Spirometry, the most common pulmonary function test, is performed with a hand-held device called spirometer. Patients can easily use this device with the assistance of an experienced technician. In normal case, spirometry testing is the clinician’s first option, when diagnosing respiratory problems. A noninvasive, convenient procedure spirometry, which can be performed in the privacy of a doctor’s office, is used to define the stages of COPD. In this procedure, the patient should inhale deeply after all air has been expelled. This movement is then followed by a rapid exhalation and all the air is exhausted from the lungs. Usually doctors measure the spirometry results twice, before and after the patient is given bronchodilator. Improvement in two or three measurements shows the patient can respond well to treatment.
· Body plethysmography
Body, plethysmography, a pulmonary function test determines the quantity of air present in the lungs when the patient take a deep breath and the quantity of air left from the lungs after he/she exhale.
· Lung diffusion studies
In this test, the diffusing capacity of the lungs for carbon monoxide is measured. It tells how effectively the air that you inhale can travel from your lungs to your blood. Abnormal results mean that the lungs lack the capacity tom move the air in and out of the lungs properly.
4. A complete blood count
A complete blood count (CBC) helps the doctor to alert to an infection and tells him how much hemoglobin, among other things, is present in the blood. Hemoglobin, the iron-containing pigment in blood can carry the oxygen from the lungs to the rest of the body.
5. Chest x-ray
When the doctor suspects a person is suffering from chronic obstructive pulmonary disease, he may suggest for a initial x-ray to reach a diagnosis of COPD. Sometimes, he may perform this throughout the treatment to monitor the progress of the patient.
6. Arterial blood gase
In chronic obstructive pulmonary disease, the amount of air that the patient breathes into and out of the lungs is damaged. Arterial blood gases (ABGs) measure the levels of oxygen and carbon dioxide in the blood as well as determine sodium bicarbonate and ph levels in the body. ABGs, the diagnostic tool for COPD, are important in adjusting oxygen therapy.

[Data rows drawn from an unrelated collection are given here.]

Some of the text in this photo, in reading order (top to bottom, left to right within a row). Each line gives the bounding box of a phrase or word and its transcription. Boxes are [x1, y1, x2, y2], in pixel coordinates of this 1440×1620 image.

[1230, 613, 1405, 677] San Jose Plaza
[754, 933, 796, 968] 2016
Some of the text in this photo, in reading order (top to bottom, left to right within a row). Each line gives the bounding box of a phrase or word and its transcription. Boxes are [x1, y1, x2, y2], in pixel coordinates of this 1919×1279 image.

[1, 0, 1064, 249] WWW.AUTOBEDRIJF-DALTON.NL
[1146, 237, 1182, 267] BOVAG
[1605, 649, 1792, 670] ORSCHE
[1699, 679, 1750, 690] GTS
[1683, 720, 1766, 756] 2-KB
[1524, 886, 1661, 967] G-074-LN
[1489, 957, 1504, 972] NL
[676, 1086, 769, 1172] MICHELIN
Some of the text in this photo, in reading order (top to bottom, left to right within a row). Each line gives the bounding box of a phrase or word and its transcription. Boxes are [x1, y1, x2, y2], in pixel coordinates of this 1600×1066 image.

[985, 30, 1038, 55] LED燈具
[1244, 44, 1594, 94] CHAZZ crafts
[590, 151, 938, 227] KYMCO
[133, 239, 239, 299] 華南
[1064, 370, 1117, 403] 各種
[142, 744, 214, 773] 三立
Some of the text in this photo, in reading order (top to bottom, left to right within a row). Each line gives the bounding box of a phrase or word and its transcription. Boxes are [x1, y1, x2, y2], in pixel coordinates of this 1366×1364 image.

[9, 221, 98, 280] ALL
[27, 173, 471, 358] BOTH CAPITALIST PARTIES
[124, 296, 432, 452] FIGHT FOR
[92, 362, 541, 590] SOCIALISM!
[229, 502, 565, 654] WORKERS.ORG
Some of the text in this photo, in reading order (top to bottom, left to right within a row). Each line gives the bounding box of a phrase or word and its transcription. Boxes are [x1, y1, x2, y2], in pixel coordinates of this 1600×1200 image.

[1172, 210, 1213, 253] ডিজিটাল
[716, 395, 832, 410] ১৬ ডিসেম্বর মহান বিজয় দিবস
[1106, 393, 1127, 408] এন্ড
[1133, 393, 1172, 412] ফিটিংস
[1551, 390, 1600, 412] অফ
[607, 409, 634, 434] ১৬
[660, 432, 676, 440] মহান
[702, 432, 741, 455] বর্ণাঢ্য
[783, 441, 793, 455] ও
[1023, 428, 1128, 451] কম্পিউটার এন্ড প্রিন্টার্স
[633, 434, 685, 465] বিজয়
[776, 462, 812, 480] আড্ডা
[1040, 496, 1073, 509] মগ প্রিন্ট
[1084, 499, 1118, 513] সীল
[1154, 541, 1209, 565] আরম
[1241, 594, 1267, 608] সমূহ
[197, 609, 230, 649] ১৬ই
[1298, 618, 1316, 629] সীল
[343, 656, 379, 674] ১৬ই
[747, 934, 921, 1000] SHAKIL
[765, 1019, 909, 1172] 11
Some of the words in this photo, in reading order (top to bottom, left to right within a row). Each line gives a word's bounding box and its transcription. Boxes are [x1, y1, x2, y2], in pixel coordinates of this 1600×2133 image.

7. Computerized Tomography (CT) Scan
In normal case, Ct is not required for diagnosing COPD. However, doctor may order it when it is indicated change of symptoms, infection is not resolving, consideration of surgery etc. Although a chest x-ray can show larger areas of density in the lungs, a CT scan, which is more definitive, shows fine details that a chest x-ray cannot. In some situations, a material called contrast is injected into the vein prior to a CI scan. This helps the doctor to see the abnormalities in lungs more clearly.
8. Pulse oximetry
Pulse oximetry, a noninvasive method, measure how well the oxygen is supplied by the patient’s tissues. This diagnostic method is performed by attaching a probe or sensor to the forehead, finger, earlobe or bridge of the nose. Pulse oximetry may be intermittent or continuous. A measurement between 95% and 100% is considered normal.
9. Sputum culture
Sputum culture method for diagnosing COPD is conducted by evaluating sputum or mucus specimen in a laboratory and providing the doctor with a guide in both diagnosing and treating the lung disease. Sputum or mucus can be obtained from the lungs by suctioning or coughing it up.
Obtaining an apt diagnostic tool for COPD will help your doctor to identify the disease and supply with proper treatment that can slow the progression rate of the disease. Early diagnosis and treatment is necessary to recover from COPD.